Eswar Prasad, professor at Cornell University and a former head of the International Monetary Fund's China division, was quoted by the Wall Street Journal that the figures highlight the need for more stimulus to power faster growth, as well as policy changes that will help revive confidence in China's private sector and spur faster productivity growth.

But Beijing did not sit idly. They have tried everything from their old tool kit to stimulate the economy. Instead of following other countries' interest-rate hikes to stem inflation, the headache of the People's Bank of China (PBOC) is deflation. It has been lowering the interest rates and bank reserve ratios to pump money into the market and boost the economy, but those measures did not work.

They have also been increasing public infrastructure investments and encouraging local companies to procure parts, components, and chips produced by local enterprises to boost industrial production.

It is consumer confidence and entrepreneurship in the private sector that needs CPR.

The weakness in the GDP data lies with the private and household sectors, according to Betty Wang, senior China economist of ANZ. "With few signs of a recovery in the property sector and an uncertain job outlook, the accumulation of household deposits suggests widespread pessimism."

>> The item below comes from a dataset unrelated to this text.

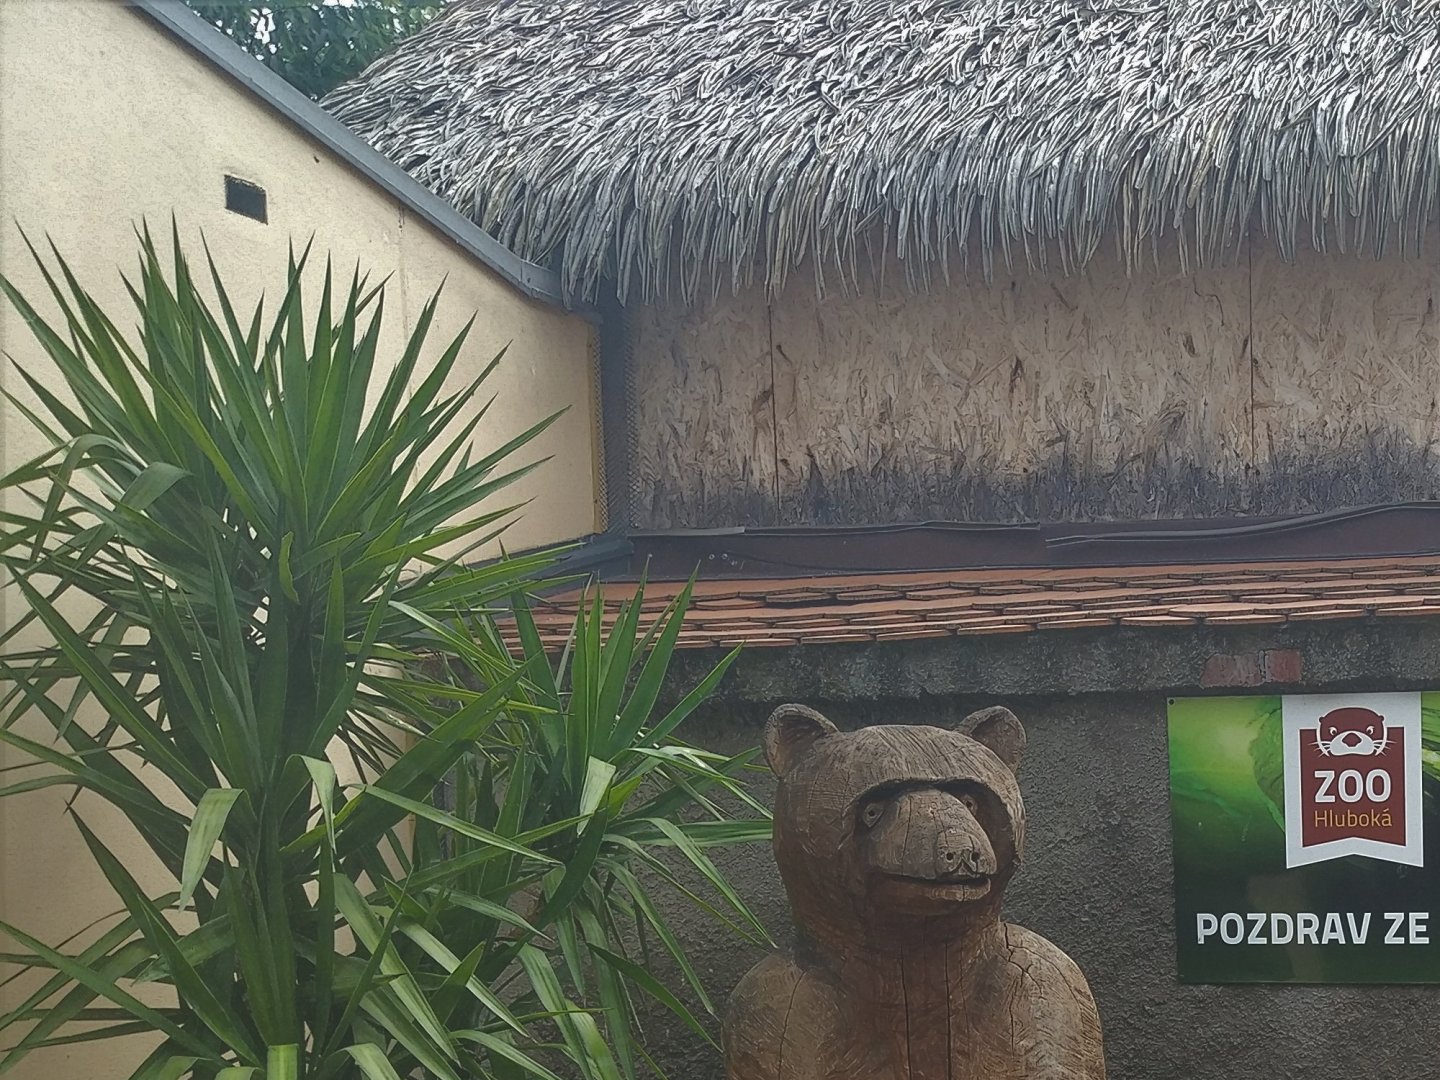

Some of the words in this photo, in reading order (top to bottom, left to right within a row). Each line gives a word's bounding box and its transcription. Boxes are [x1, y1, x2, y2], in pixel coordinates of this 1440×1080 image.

Fixed asset investment in the private sector contracted by 0.2% annually in June, versus the 8.1% growth of the state-owned sector. Household deposits increased by 17-18% year-on-year in H1, the highest level in a decade. That means consumers are not spending anymore. They just stash their money in the bank, perhaps due to uncertainty in their job outlook. The ANZ report pointed out that the outstanding amount of household savings is equivalent to more than 30 months of retail sales.

With the supply chain diversifying and undergoing regionalization, those jobs are just not coming back if the companies have already established new factories in Mexico, Vietnam, Malaysia, or India.

Many small and medium enterprises (SMEs) went bankrupt during the pandemic. It is very difficult for those entrepreneurs to overcome their fear of uncertainty after experiencing unexpected events such as a draconian lockdown that threw them out of business. Nobody can guarantee things like that won't happen again in the future.

China used to be the locomotive of the global economy. But since that locomotive was forced to slow down for months during the pandemic, it takes much more energy to rebuild momentum due to its massive scale. Instead of using conventional measures such as investing in public infrastructure to window-dress the GDP data, more efforts are needed to restore consumer confidence and trust in a more predictable market economy.